_WHAT IS NEEDED:_ Transcribe the entries exactly as given and skip whatever images they hold.

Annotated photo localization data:
= Beginning of Section =

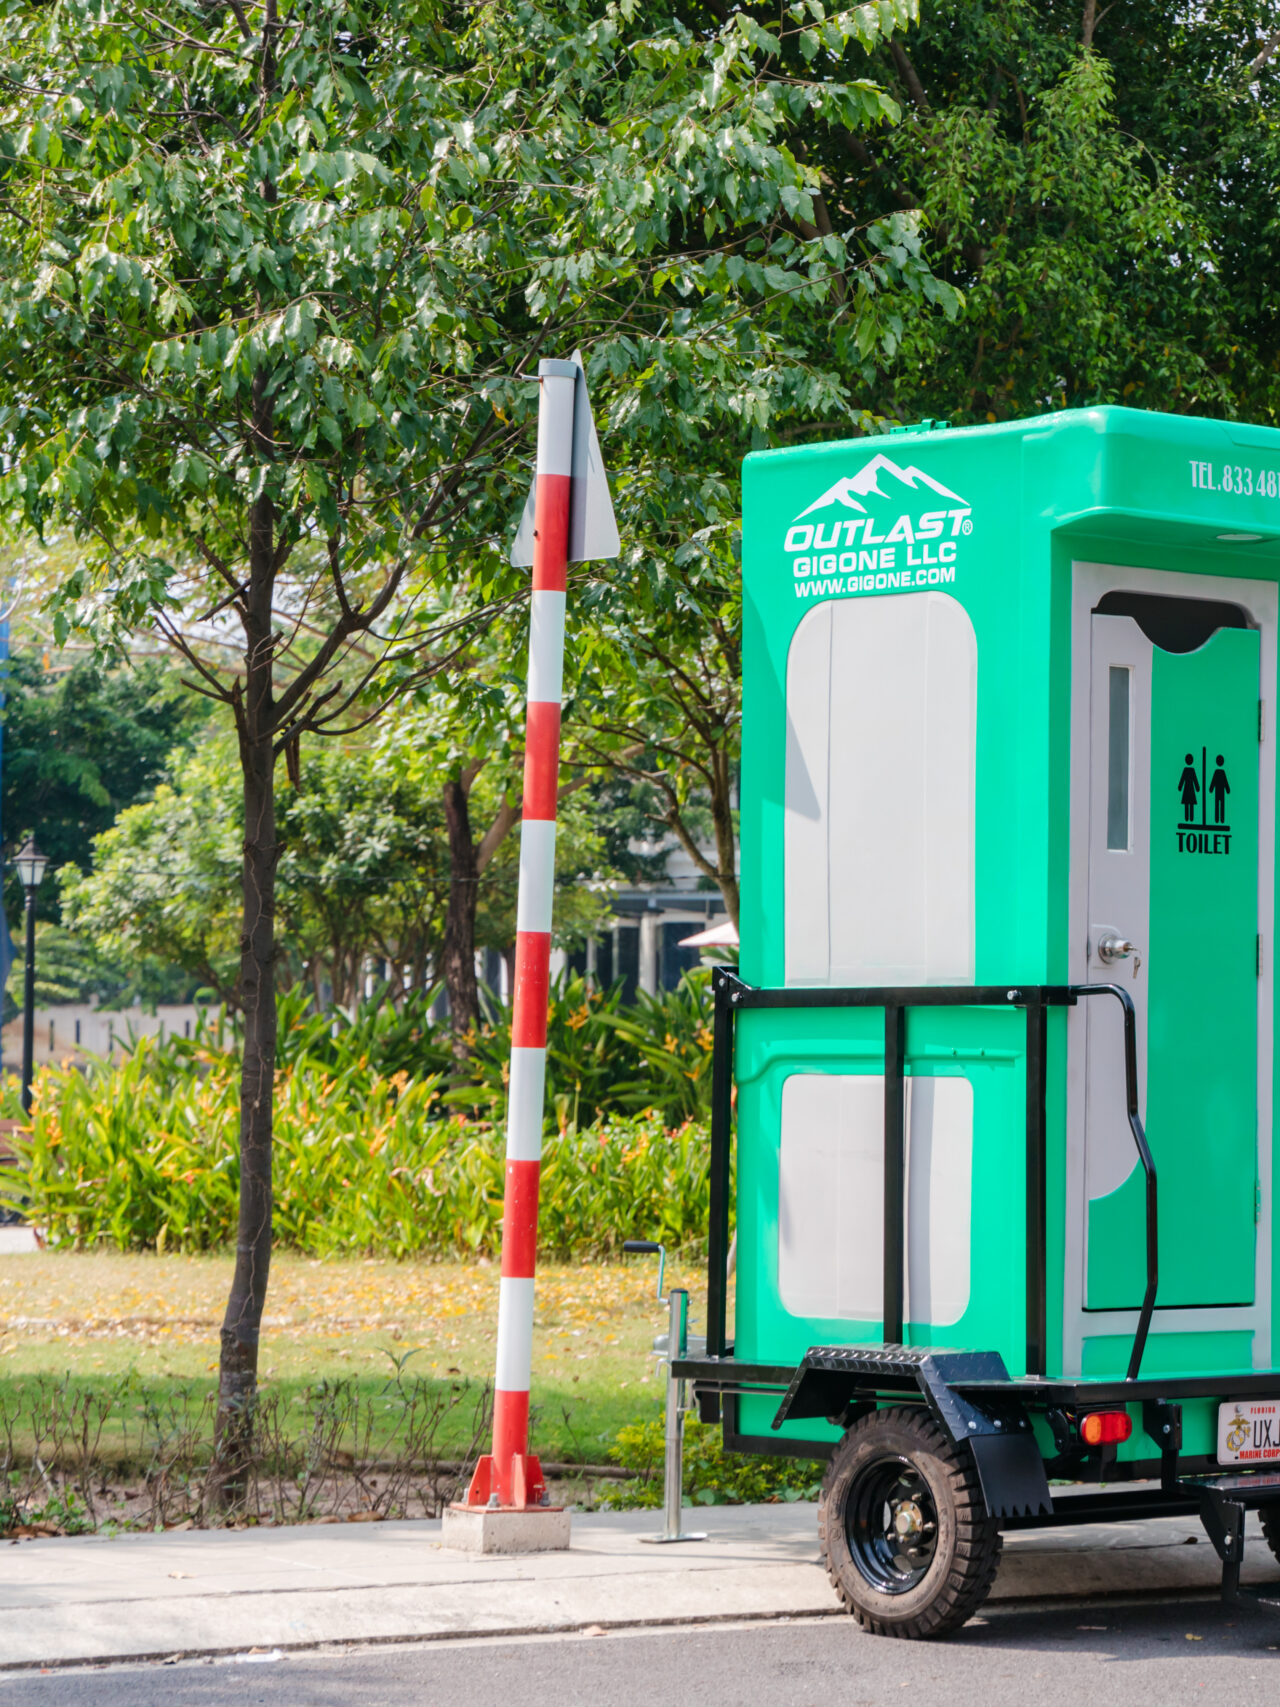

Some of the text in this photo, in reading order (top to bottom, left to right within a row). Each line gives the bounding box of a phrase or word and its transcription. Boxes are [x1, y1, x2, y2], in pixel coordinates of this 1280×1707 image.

[792, 541, 957, 578] GIGONE LLC
[794, 567, 956, 598] WWW.GIGONE.COM
[1176, 833, 1232, 854] TOILET
[1239, 1450, 1262, 1460] MARINE

= End of Section =

_SOLVED PROBLEM:_
Some of the text in this photo, in reading order (top to bottom, left to right within a row). Each line gives the bounding box of a phrase or word and its transcription. Boxes are [x1, y1, x2, y2], in pixel coordinates of this 1280×1707 image.

[792, 541, 957, 578] GIGONE LLC
[794, 567, 956, 598] WWW.GIGONE.COM
[1176, 833, 1232, 854] TOILET
[1239, 1450, 1262, 1460] MARINE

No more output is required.